INPUT RECORDS:
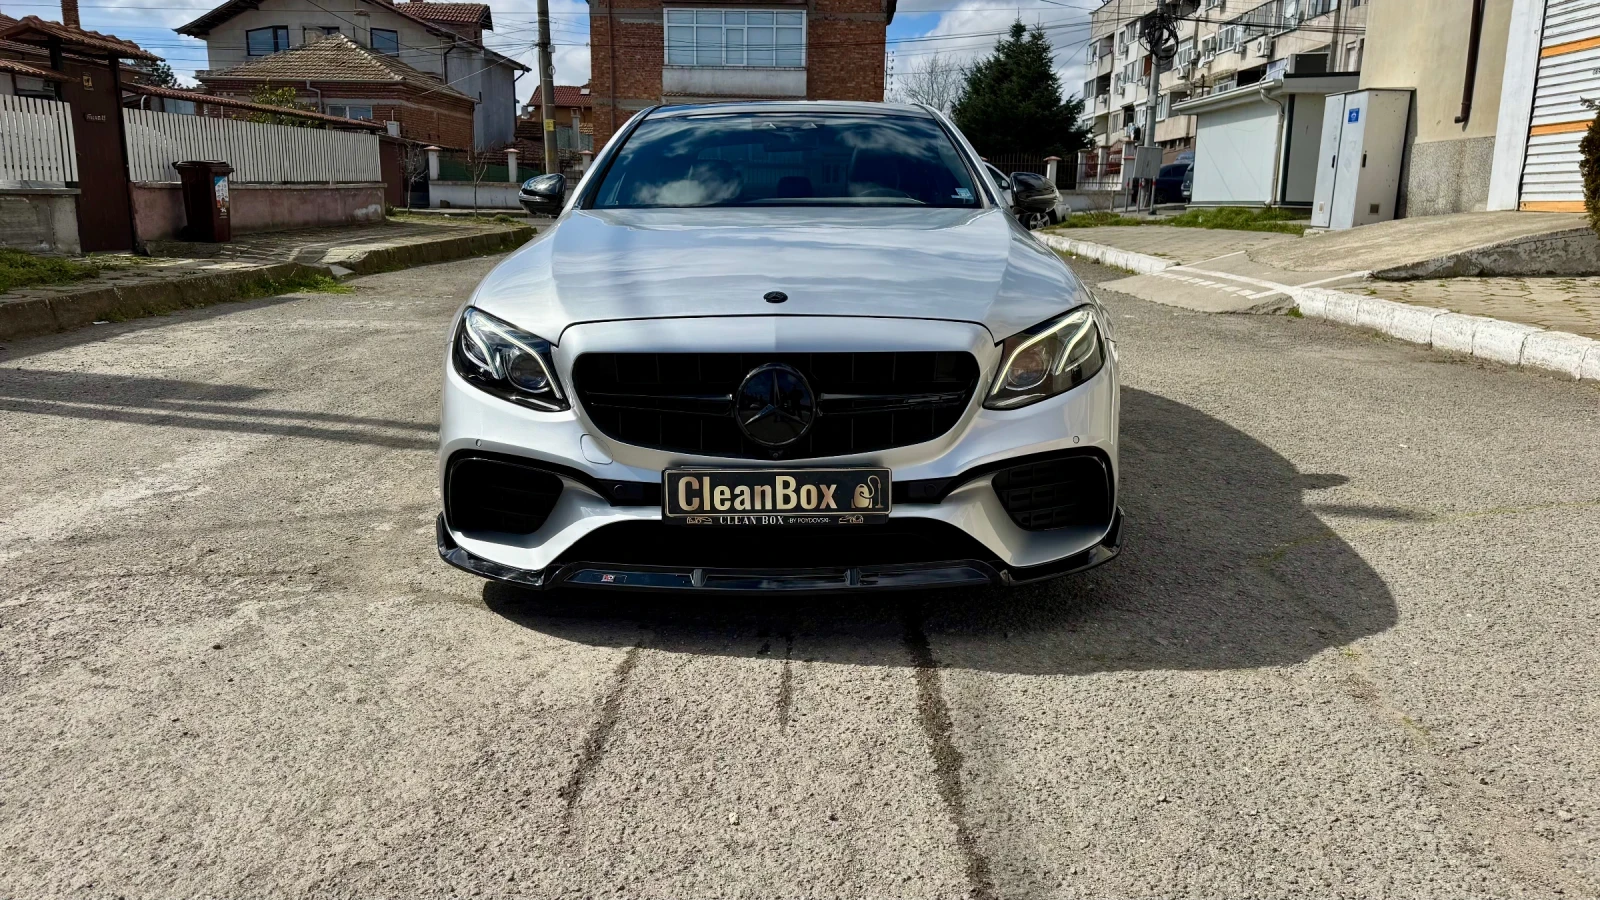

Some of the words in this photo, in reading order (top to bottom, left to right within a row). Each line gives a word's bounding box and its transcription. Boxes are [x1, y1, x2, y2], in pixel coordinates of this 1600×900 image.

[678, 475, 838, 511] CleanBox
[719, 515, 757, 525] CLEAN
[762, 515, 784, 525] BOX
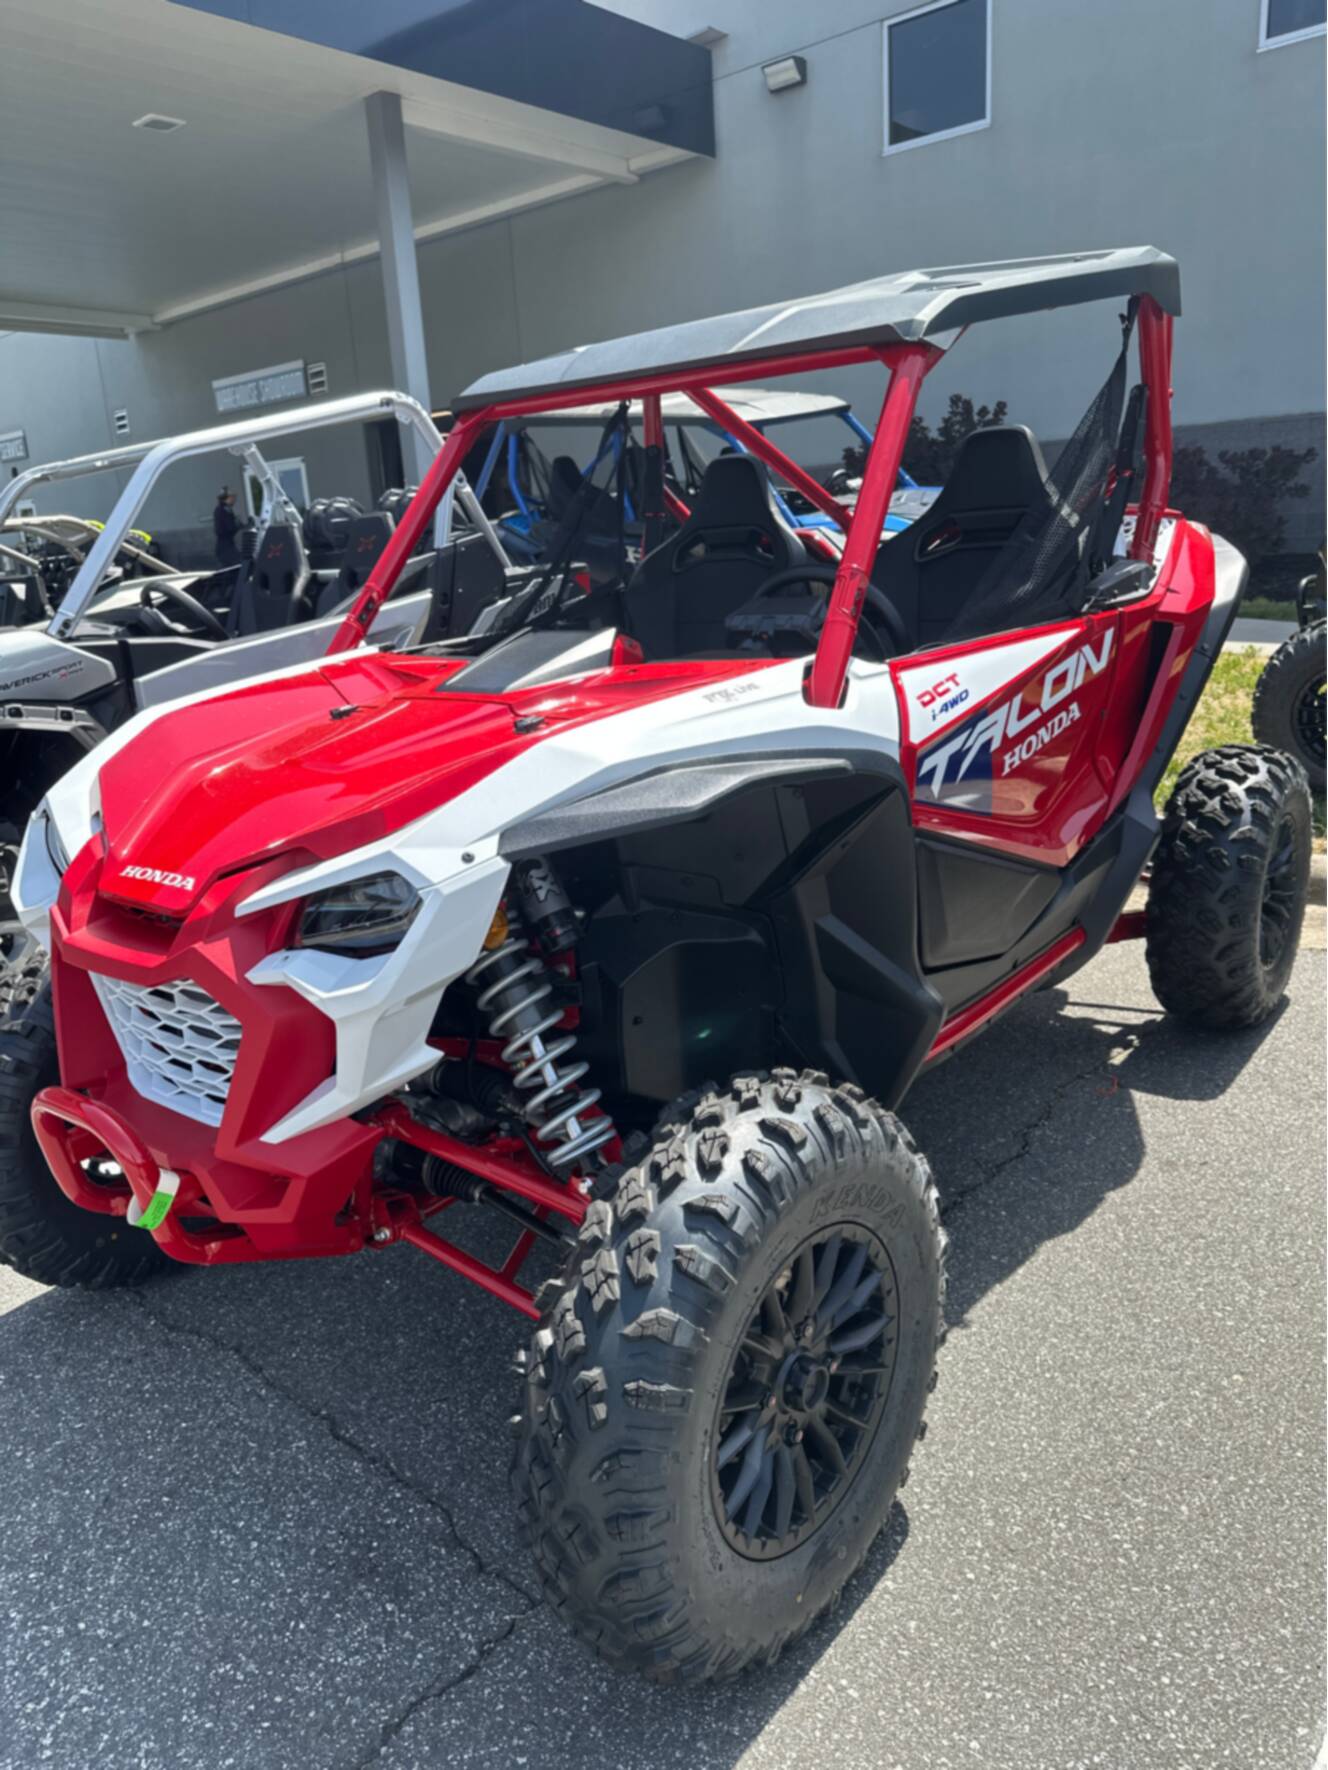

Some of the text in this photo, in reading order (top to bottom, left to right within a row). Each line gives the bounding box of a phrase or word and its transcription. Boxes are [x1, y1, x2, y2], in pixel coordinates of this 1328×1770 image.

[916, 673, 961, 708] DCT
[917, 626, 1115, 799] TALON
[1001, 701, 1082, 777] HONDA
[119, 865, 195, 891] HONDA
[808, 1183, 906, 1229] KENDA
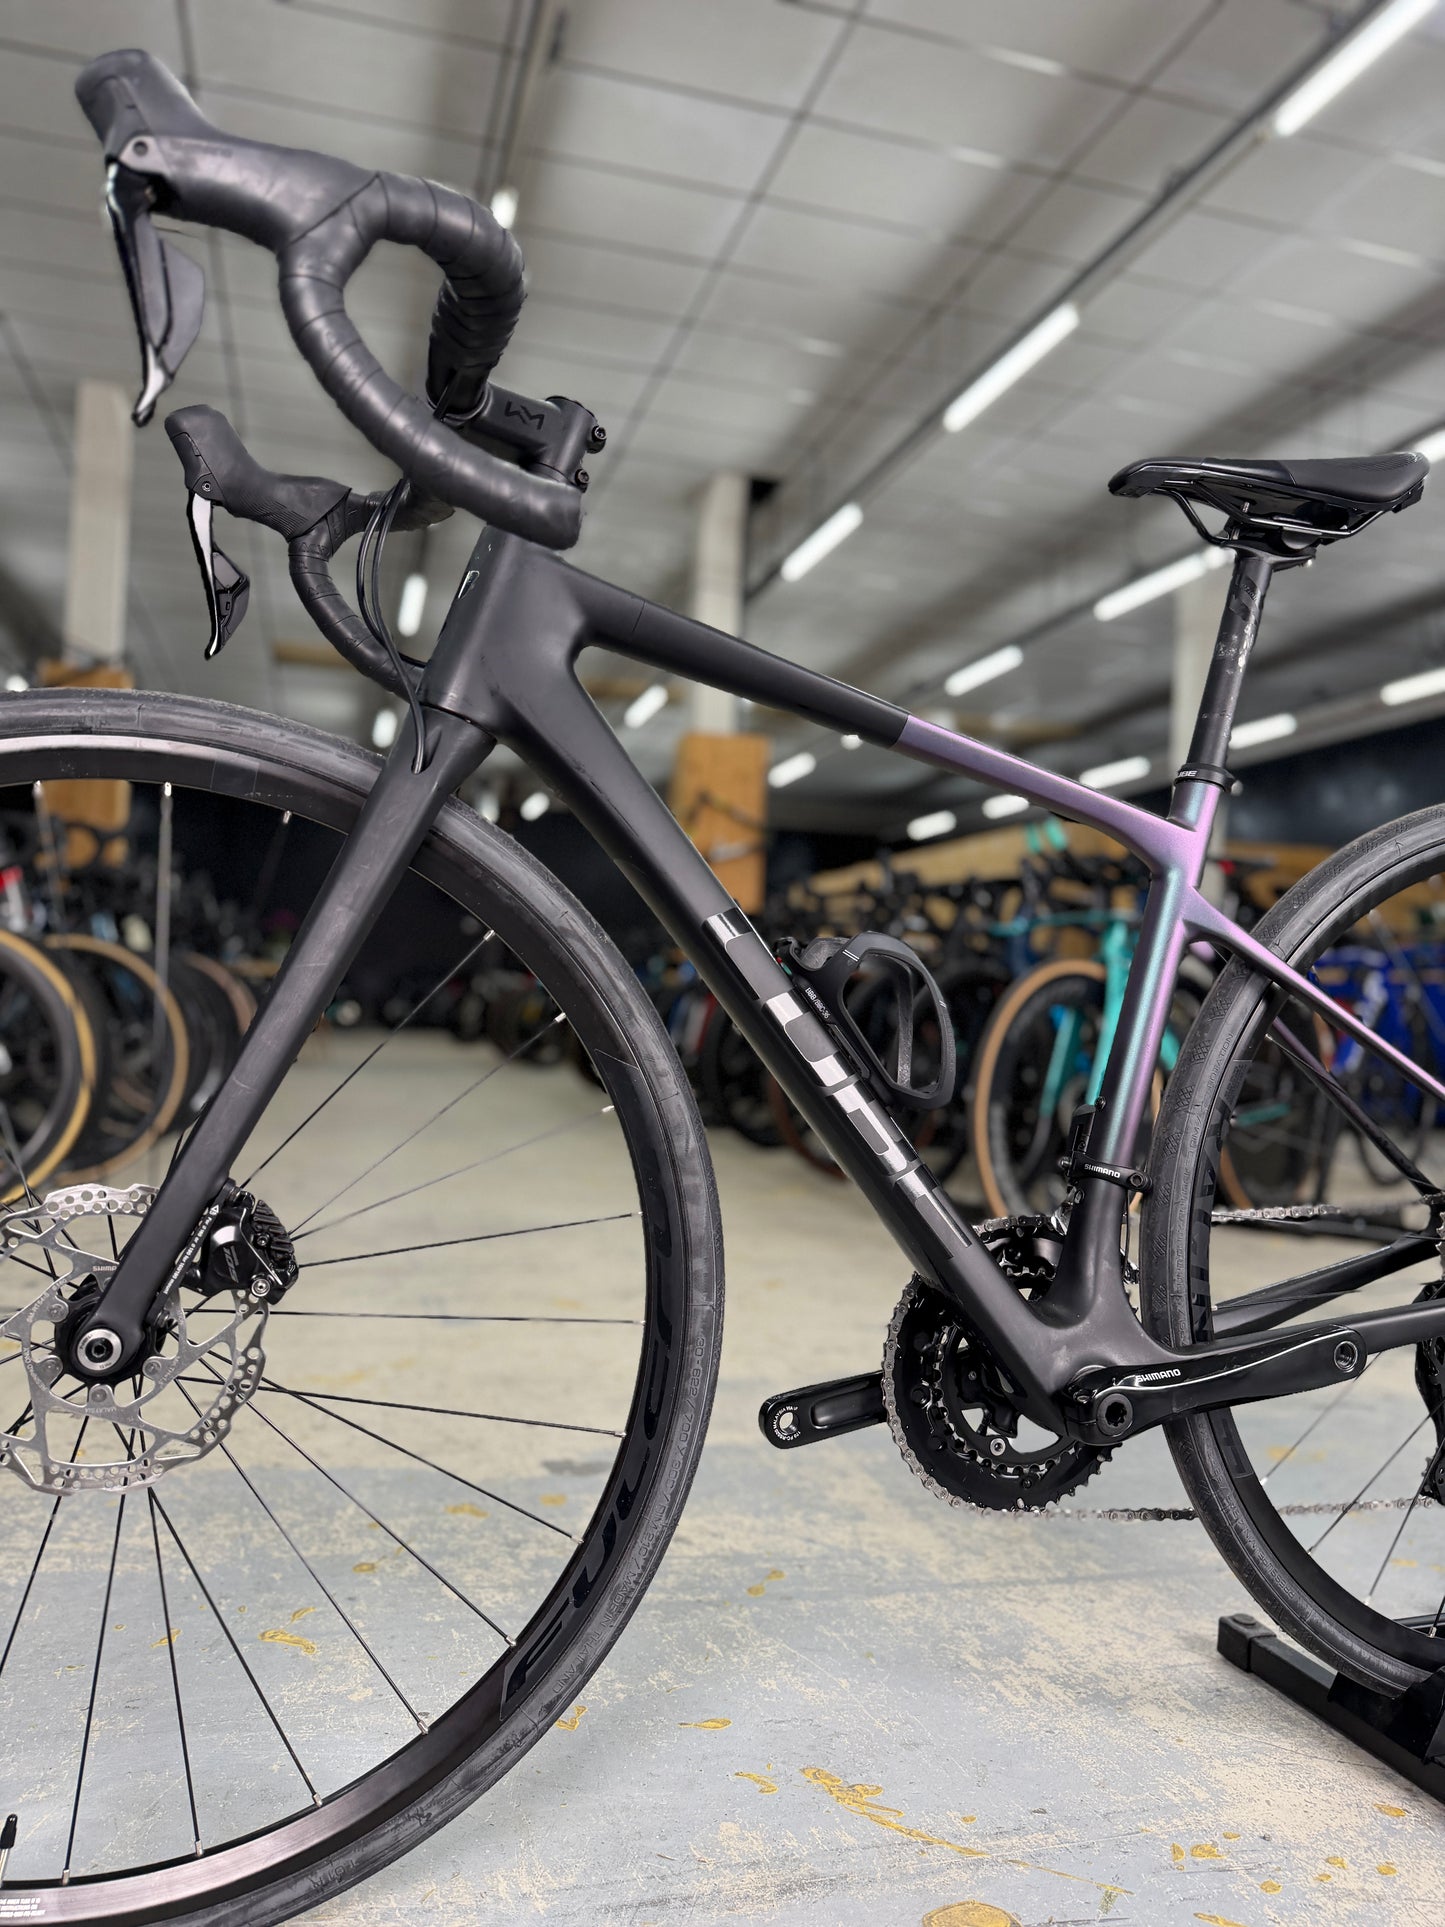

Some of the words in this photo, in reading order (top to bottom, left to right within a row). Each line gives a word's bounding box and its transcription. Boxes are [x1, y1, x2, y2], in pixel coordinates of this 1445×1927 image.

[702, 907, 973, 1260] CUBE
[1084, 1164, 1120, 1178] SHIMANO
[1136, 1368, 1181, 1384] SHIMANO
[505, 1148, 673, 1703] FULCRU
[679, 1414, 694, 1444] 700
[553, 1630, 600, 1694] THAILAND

ABOUT THIS TASK: Copy the data precisely. Skip every picture.

RESULT OF THIS TASK:
Some of the words in this photo, in reading order (top to bottom, left to right within a row). Each line gives a word's bounding box and its transcription. Boxes are [x1, y1, x2, y2], in pixel coordinates of this 1600×900 image.

[678, 475, 838, 511] CleanBox
[719, 515, 757, 525] CLEAN
[762, 515, 784, 525] BOX

Some of the text in this photo, in reading order (top to bottom, left to right within a row). Each line gives the bounding box of a phrase or word and its transcription. Boxes are [x1, y1, x2, y2], in pixel coordinates of this 1328×1770 image.

[916, 673, 961, 708] DCT
[917, 626, 1115, 799] TALON
[1001, 701, 1082, 777] HONDA
[119, 865, 195, 891] HONDA
[808, 1183, 906, 1229] KENDA

Some of the words in this photo, in reading order (top to bottom, left to right within a row). Each line gives a word's bounding box and its transcription. Boxes are [x1, y1, x2, y2], in pixel coordinates of this 1445×1927 image.

[702, 907, 973, 1260] CUBE
[1084, 1164, 1120, 1178] SHIMANO
[1136, 1368, 1181, 1384] SHIMANO
[505, 1148, 673, 1703] FULCRU
[679, 1414, 694, 1444] 700
[553, 1630, 600, 1694] THAILAND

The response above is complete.